How good we've got it

Excerpt from the conclusion of Brink Lindsey's excellent -- and relatively short -- Human Capitalism:
According to research from the Brookings Institution, more than four-fifths of forty-year-old Americans live in households with higher real per capita family incomes than their parents did at the same age. And indeed, measuring gains in terms of real (i.e., inflation-adjusted) incomes understates the good news. First, adjustments for inflation can never fully capture the gains in standard of living made possible by the introduction of new products: no matter how much money you made in the early 1970s, you could not surf the Internet or use an ATM or listen to an iPod or take ibuprofen for a headache or get an MRI if the headache persisted.  

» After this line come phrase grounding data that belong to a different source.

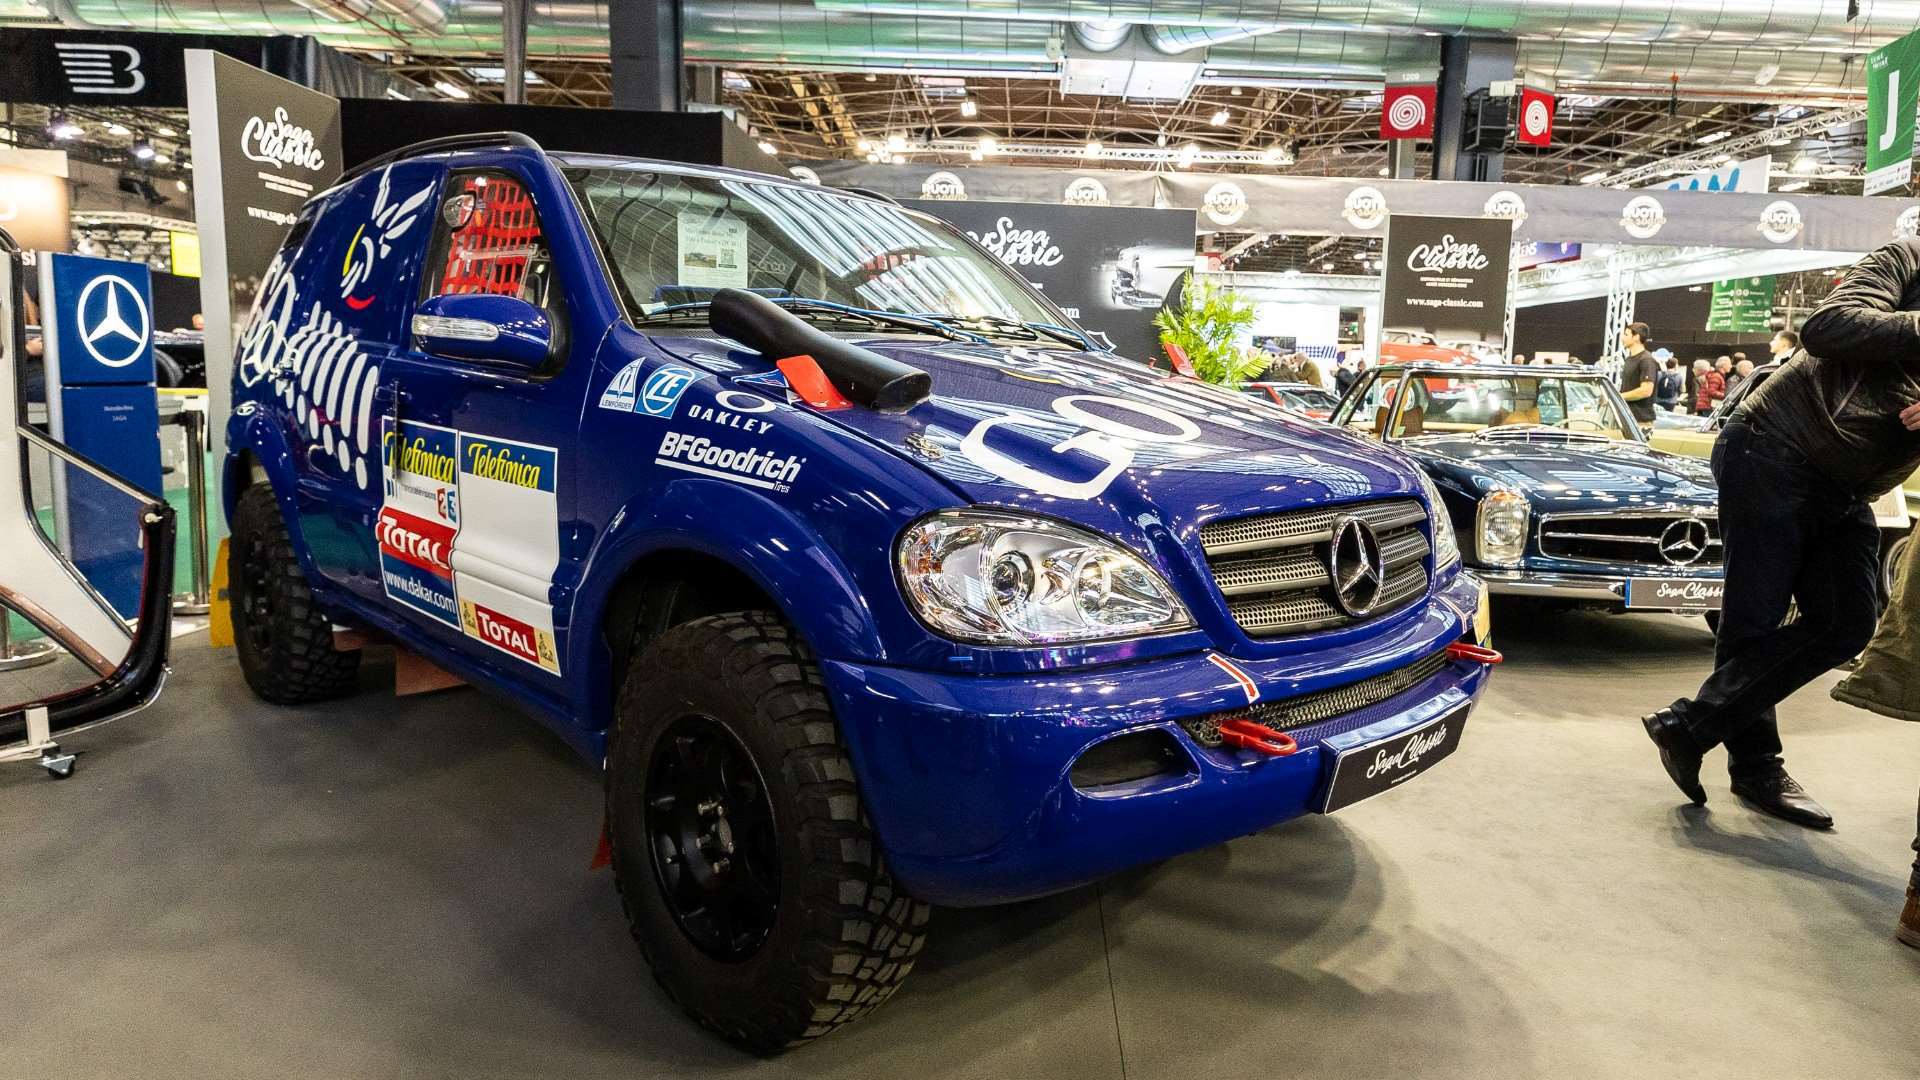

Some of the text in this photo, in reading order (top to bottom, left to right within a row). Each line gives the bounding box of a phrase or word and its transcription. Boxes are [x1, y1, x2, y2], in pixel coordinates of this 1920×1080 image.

[1880, 70, 1900, 152] J
[241, 116, 325, 171] Classic
[989, 216, 1051, 248] Saga
[1434, 234, 1481, 258] Saga
[1407, 244, 1489, 273] Classic
[688, 404, 774, 435] OAKLEY
[658, 431, 801, 483] BFGoodrich
[382, 515, 450, 570] TOTAL
[385, 570, 457, 615] www.dakar.com
[478, 610, 537, 657] TOTAL

Furthermore, calculations of real income are always made on the basis of a single monolithic estimate of inflation. But it turns out that the prices of high-end consumers goods have been rising much faster than those of low-end goods, and thus the inflation rate for the poor has been lower than that for the rich. Which means, in turn, that conventional estimates understate the true gains made by the poor in terms of material standard of living. 
Look, for example, at a comparison of all households in 1971 to households below the poverty line [emphasis in original] in 1994. Some 72 percent of poor households had washing machines in 1994, compared to 71 percent of all households in 1971; 50 percent had clothes dryers, while only 45 percent of all households had them in the early 1970s; 98 percent had refrigerators, up from 83 percent a couple of decades earlier; 93 percent had color televisions, a dramatic increase over the 43 percent figure for all households in 1971; 50 percent had air conditioners, as opposed to 32 percent of all households earlier; and 60 percent had microwave ovens, while fewer than 1 percent of all households had one in 1971. In some important respects, then, poor Americans have a higher standard of living than average Americans did a generation ago.

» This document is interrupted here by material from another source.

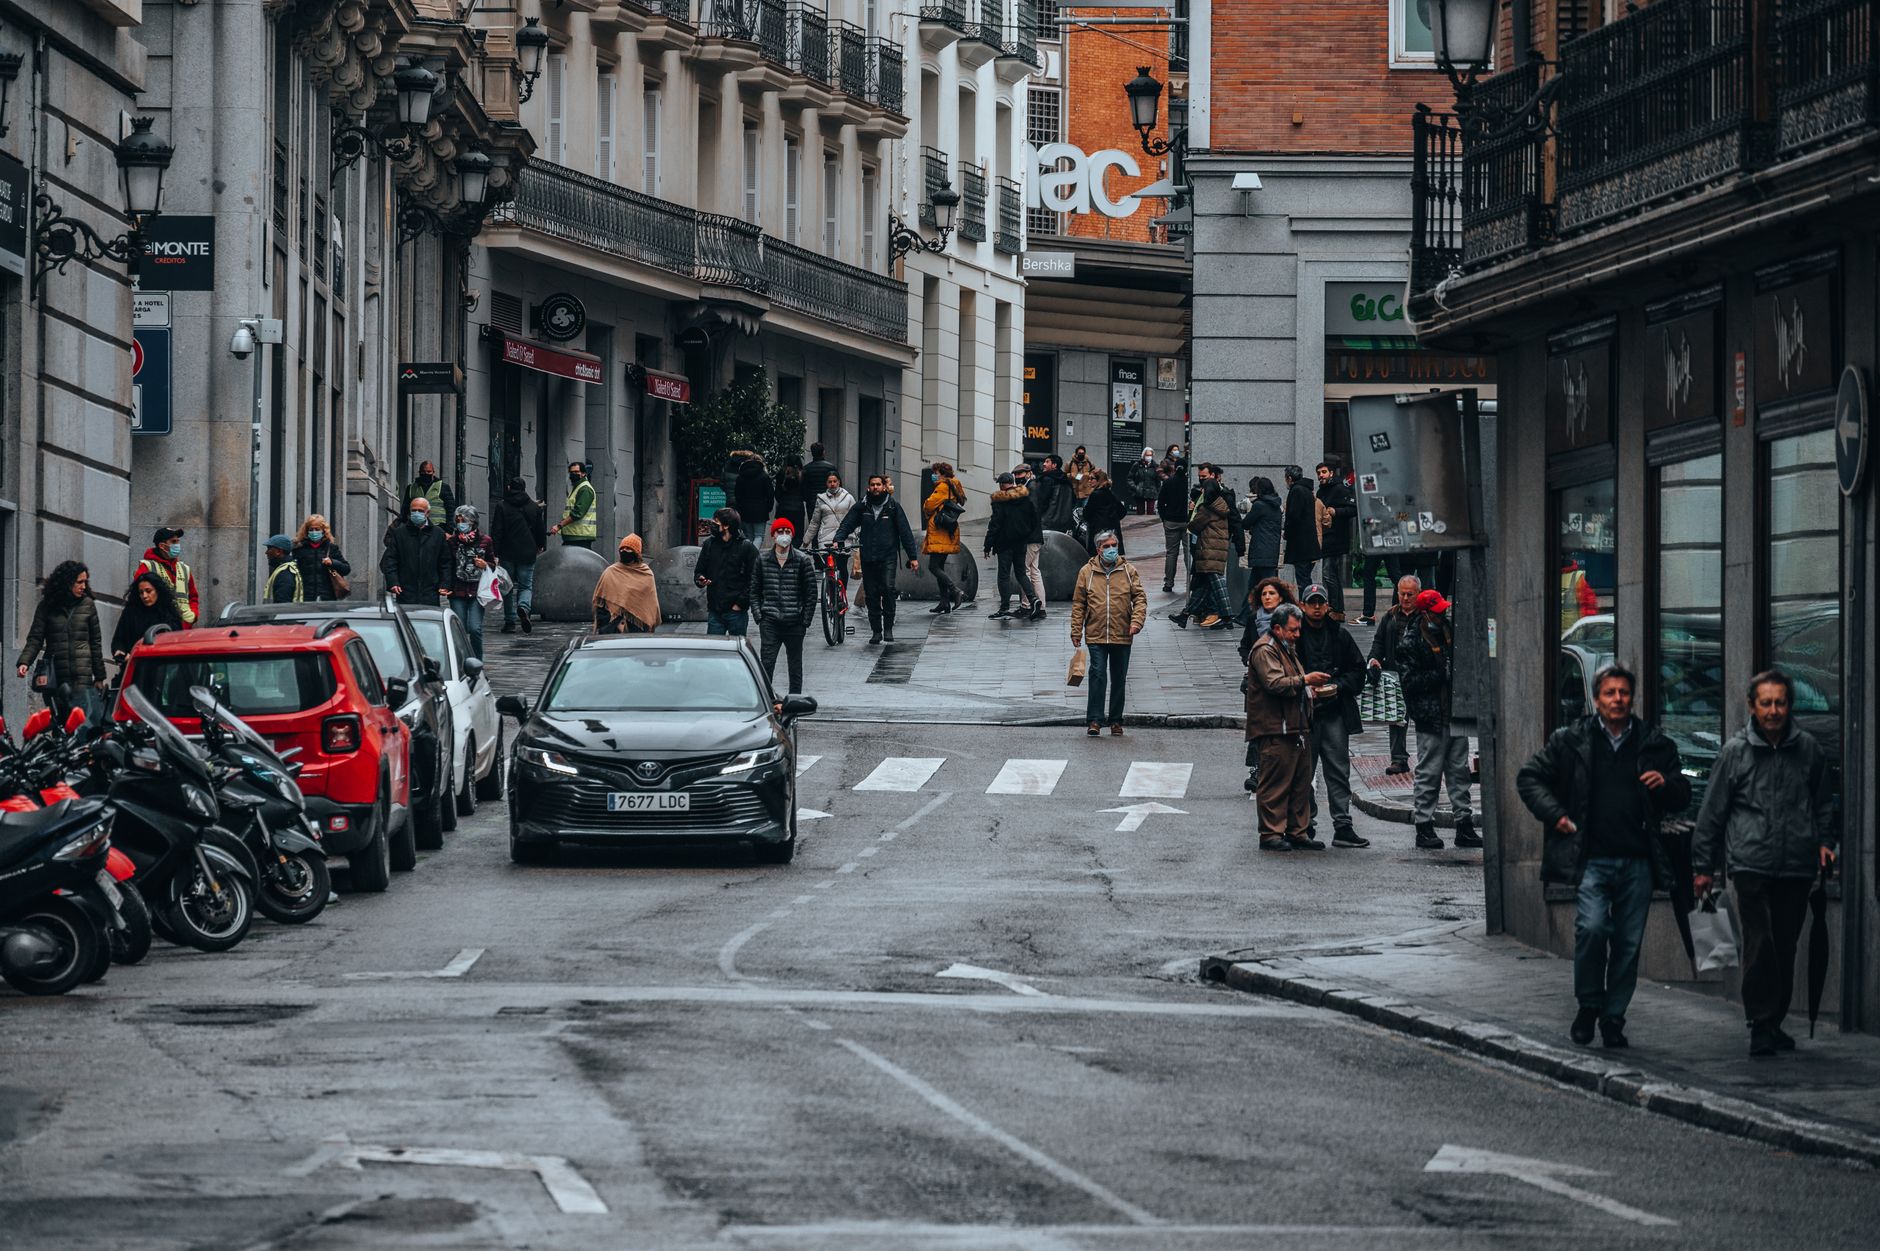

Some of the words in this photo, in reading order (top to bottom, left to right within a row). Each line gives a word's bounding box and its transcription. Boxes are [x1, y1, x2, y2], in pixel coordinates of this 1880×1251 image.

This goes a long way to explaining the left's reluctance to define poverty in absolute terms -- it would likely mean that it's been largely eradicated. 

Lindsey then puts forth an interesting theory:
Why does all of this matter? Because it means that the material consequences of socioeconomic underachievement are growing ever less severe. Of course it is fundamentally good news that the material circumstances of the least well off are improving. But there is a downside: just as downward relative mobility sharpens the incentives to work hard, amass human capital, and get ahead, upward absolute mobility dulls those incentives. It is a grim, uncomfortable fact that the lash of material hardship is a powerful motivator. If living conditions for those in the bottom half are decently comfortable, the motivation to expend the effort needed to move upward will have to come from somewhere else. And it might not come at all.
Perhaps Lindsey is wrong, but the dynamic he describes cannot be dismissed out of hand.